(Stored data entries)
········
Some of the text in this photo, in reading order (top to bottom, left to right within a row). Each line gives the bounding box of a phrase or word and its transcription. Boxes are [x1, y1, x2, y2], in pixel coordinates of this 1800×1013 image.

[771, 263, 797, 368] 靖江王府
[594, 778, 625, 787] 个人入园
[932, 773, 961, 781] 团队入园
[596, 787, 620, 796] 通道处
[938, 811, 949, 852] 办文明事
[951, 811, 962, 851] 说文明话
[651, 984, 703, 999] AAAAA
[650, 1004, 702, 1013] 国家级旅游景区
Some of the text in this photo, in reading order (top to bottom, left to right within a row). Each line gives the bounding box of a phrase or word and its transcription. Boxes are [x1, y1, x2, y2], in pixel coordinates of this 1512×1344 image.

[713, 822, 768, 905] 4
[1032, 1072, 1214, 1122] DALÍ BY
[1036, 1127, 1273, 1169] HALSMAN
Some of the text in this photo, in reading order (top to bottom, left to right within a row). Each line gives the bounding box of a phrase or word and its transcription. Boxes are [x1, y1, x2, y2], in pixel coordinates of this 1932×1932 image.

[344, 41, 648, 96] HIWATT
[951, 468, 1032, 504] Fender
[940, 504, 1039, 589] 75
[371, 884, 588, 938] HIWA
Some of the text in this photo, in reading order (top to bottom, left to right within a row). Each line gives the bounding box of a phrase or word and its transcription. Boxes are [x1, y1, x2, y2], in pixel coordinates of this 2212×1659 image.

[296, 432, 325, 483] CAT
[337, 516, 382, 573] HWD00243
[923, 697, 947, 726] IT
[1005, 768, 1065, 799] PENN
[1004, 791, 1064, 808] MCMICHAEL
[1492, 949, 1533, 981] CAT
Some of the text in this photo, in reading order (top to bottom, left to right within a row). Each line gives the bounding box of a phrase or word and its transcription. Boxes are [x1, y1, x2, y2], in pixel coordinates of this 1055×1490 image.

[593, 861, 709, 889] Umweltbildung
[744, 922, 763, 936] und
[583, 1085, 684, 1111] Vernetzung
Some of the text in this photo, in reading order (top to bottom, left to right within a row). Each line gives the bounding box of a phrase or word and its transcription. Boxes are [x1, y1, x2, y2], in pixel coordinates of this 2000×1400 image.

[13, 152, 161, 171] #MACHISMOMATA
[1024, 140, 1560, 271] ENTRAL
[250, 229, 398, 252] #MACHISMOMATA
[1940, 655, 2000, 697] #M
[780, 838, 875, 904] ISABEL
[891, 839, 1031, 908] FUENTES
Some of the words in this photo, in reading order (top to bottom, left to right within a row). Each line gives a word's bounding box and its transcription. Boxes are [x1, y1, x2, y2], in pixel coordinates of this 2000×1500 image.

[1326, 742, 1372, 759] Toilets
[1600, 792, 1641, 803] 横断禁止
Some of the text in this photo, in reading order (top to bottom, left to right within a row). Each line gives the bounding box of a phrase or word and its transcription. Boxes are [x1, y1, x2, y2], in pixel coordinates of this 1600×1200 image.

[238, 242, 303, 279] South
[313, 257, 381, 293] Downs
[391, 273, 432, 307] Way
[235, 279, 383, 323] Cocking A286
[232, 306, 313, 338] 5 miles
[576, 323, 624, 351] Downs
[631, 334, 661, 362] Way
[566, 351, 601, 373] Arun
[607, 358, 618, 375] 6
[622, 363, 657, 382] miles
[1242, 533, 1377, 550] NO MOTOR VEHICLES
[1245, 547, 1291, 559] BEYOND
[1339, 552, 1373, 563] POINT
········
What is expected
Output the records again in full. Keep every character as written.

The answer
Some of the text in this photo, in reading order (top to bottom, left to right within a row). Each line gives the bounding box of a phrase or word and its transcription. Boxes are [x1, y1, x2, y2], in pixel coordinates of this 1800×1013 image.

[771, 263, 797, 368] 靖江王府
[594, 778, 625, 787] 个人入园
[932, 773, 961, 781] 团队入园
[596, 787, 620, 796] 通道处
[938, 811, 949, 852] 办文明事
[951, 811, 962, 851] 说文明话
[651, 984, 703, 999] AAAAA
[650, 1004, 702, 1013] 国家级旅游景区
Some of the text in this photo, in reading order (top to bottom, left to right within a row). Each line gives the bounding box of a phrase or word and its transcription. Boxes are [x1, y1, x2, y2], in pixel coordinates of this 1512×1344 image.

[713, 822, 768, 905] 4
[1032, 1072, 1214, 1122] DALÍ BY
[1036, 1127, 1273, 1169] HALSMAN
Some of the text in this photo, in reading order (top to bottom, left to right within a row). Each line gives the bounding box of a phrase or word and its transcription. Boxes are [x1, y1, x2, y2], in pixel coordinates of this 1932×1932 image.

[344, 41, 648, 96] HIWATT
[951, 468, 1032, 504] Fender
[940, 504, 1039, 589] 75
[371, 884, 588, 938] HIWA
Some of the text in this photo, in reading order (top to bottom, left to right within a row). Each line gives the bounding box of a phrase or word and its transcription. Boxes are [x1, y1, x2, y2], in pixel coordinates of this 2212×1659 image.

[296, 432, 325, 483] CAT
[337, 516, 382, 573] HWD00243
[923, 697, 947, 726] IT
[1005, 768, 1065, 799] PENN
[1004, 791, 1064, 808] MCMICHAEL
[1492, 949, 1533, 981] CAT
Some of the text in this photo, in reading order (top to bottom, left to right within a row). Each line gives the bounding box of a phrase or word and its transcription. Boxes are [x1, y1, x2, y2], in pixel coordinates of this 1055×1490 image.

[593, 861, 709, 889] Umweltbildung
[744, 922, 763, 936] und
[583, 1085, 684, 1111] Vernetzung
Some of the text in this photo, in reading order (top to bottom, left to right within a row). Each line gives the bounding box of a phrase or word and its transcription. Boxes are [x1, y1, x2, y2], in pixel coordinates of this 2000×1400 image.

[13, 152, 161, 171] #MACHISMOMATA
[1024, 140, 1560, 271] ENTRAL
[250, 229, 398, 252] #MACHISMOMATA
[1940, 655, 2000, 697] #M
[780, 838, 875, 904] ISABEL
[891, 839, 1031, 908] FUENTES
Some of the words in this photo, in reading order (top to bottom, left to right within a row). Each line gives a word's bounding box and its transcription. Boxes are [x1, y1, x2, y2], in pixel coordinates of this 2000×1500 image.

[1326, 742, 1372, 759] Toilets
[1600, 792, 1641, 803] 横断禁止
Some of the text in this photo, in reading order (top to bottom, left to right within a row). Each line gives the bounding box of a phrase or word and its transcription. Boxes are [x1, y1, x2, y2], in pixel coordinates of this 1600×1200 image.

[238, 242, 303, 279] South
[313, 257, 381, 293] Downs
[391, 273, 432, 307] Way
[235, 279, 383, 323] Cocking A286
[232, 306, 313, 338] 5 miles
[576, 323, 624, 351] Downs
[631, 334, 661, 362] Way
[566, 351, 601, 373] Arun
[607, 358, 618, 375] 6
[622, 363, 657, 382] miles
[1242, 533, 1377, 550] NO MOTOR VEHICLES
[1245, 547, 1291, 559] BEYOND
[1339, 552, 1373, 563] POINT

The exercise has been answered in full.